A bipartisan group of US lawmakers introduced a bill on Wednesday to prevent automakers from eliminating AM broadcast radio in new vehicles, citing safety concerns

as their primary motivation.

Among the sponsors of the bill is Democratic Senator Edward Markey, who highlighted that several automakers, including Tesla, BMW, Ford, and Volkswagen, have already removed AM broadcast radio from their electric vehicles. The proposed legislation would direct the National Highway Traffic Safety Administration (NHTSA) to issue regulations mandating the inclusion of AM radio in new vehicles at no additional cost. Senator Markey emphasized that automakers should not neglect AM radio in new vehicles or place it behind a costly digital paywall.

Lawmakers argue that the removal of AM radio undermines a federal system designed to deliver critical public safety information to the public. They assert that AM radio remains an essential medium for disseminating important alerts and safety warnings.

The Alliance for Automotive Innovation, a trade group representing major automakers, disagrees with the proposed mandate, stating that it is unnecessary. The group argues that Congress has never before mandated radio features in vehicles and emphasizes automakers' commitment to ensuring drivers have access to public alerts and safety warnings through other means. They point to the Integrated Public Alerts and Warning System (IPAWS), which utilizes AM, FM, internet-based or satellite radio, and cellular networks to distribute warnings. The automaker group believes the bill favors a specific technology and fails to adapt to evolving listenership preferences.

The bill's sponsors include Senators Ted Cruz, Tammy Baldwin, Deb Fischer, Ben Ray Luján, J.D. Vance, and Representative Josh Gottheimer. Gottheimer criticized car manufacturers, including Tesla, accusing them of jeopardizing public safety and emergency response by omitting AM radio from their vehicles. Tesla did not immediately comment on the matter.

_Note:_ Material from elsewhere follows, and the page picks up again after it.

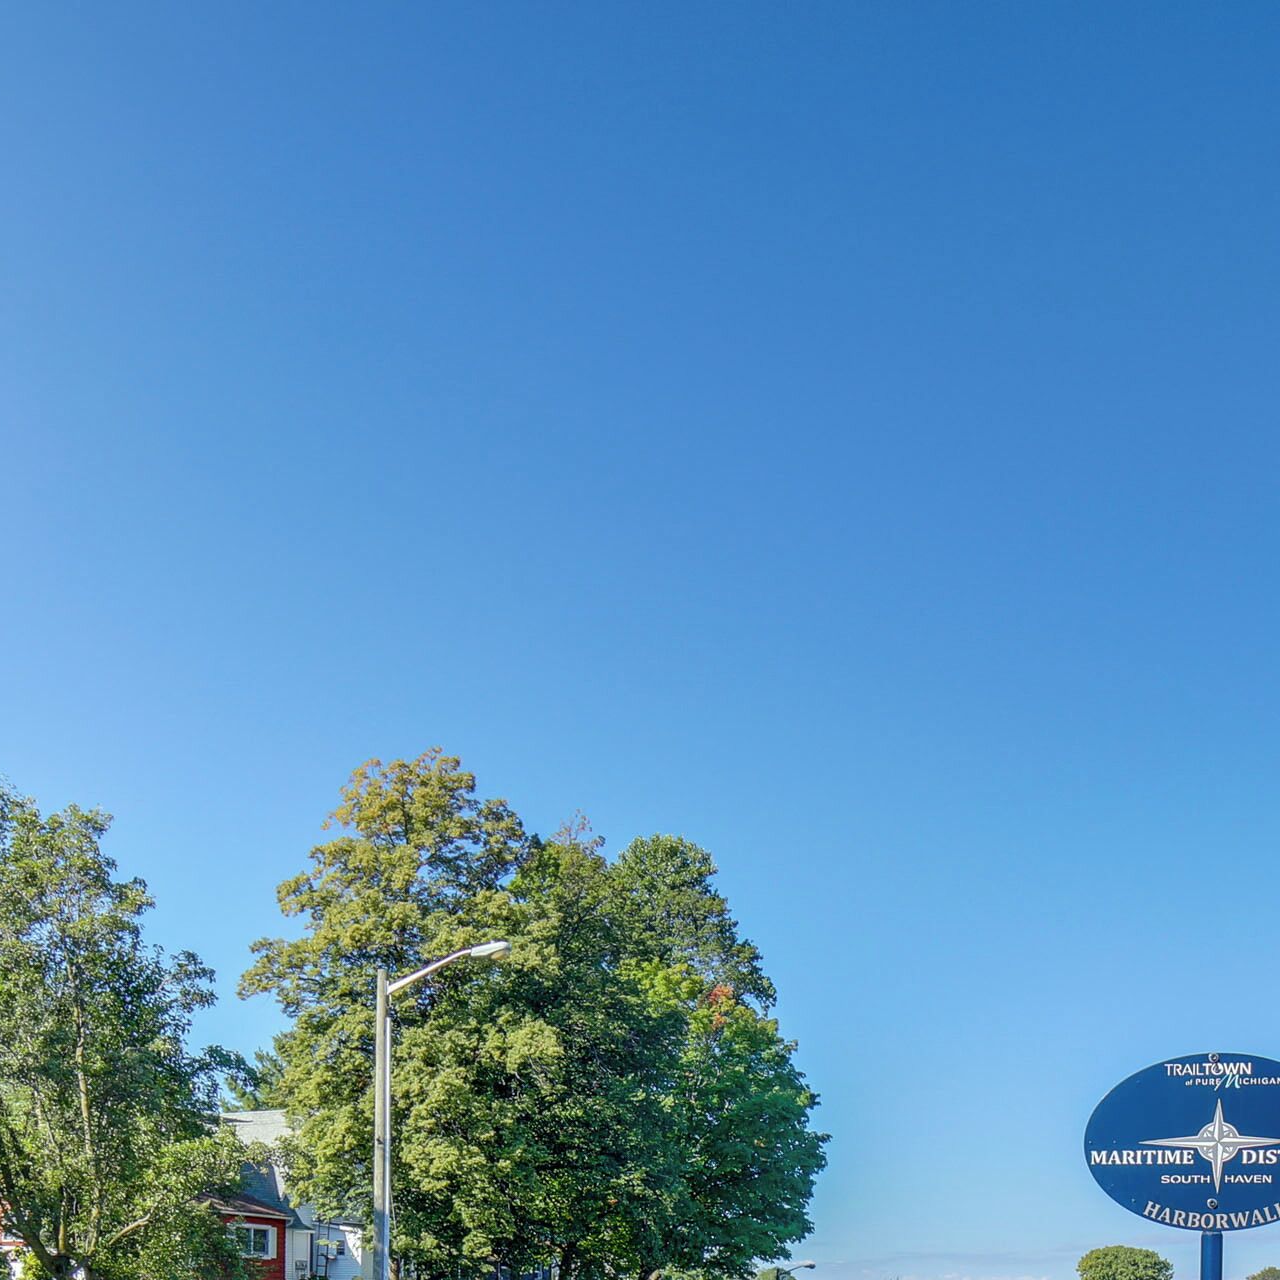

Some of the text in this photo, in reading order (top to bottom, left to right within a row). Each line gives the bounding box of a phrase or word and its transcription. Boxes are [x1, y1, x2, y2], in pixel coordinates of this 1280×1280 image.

[1195, 1078, 1221, 1086] PURE
[1090, 1150, 1194, 1165] MARITIME
[1160, 1174, 1273, 1184] SOUTH HAVEN

Federal Communications Commission Chair Jessica Rosenworcel expressed support for the bill, emphasizing the importance of AM radio in maintaining access to emergency alerts and vital warnings while driving. She acknowledged the clear public safety imperative in ensuring AM radio availability in cars.

The proposed legislation aims to address concerns surrounding the potential exclusion of AM radio in new vehicles and its implications for public safety, while industry stakeholders continue to debate the necessity of such regulations. Photo by Senate Democrats. Wikimedia commons.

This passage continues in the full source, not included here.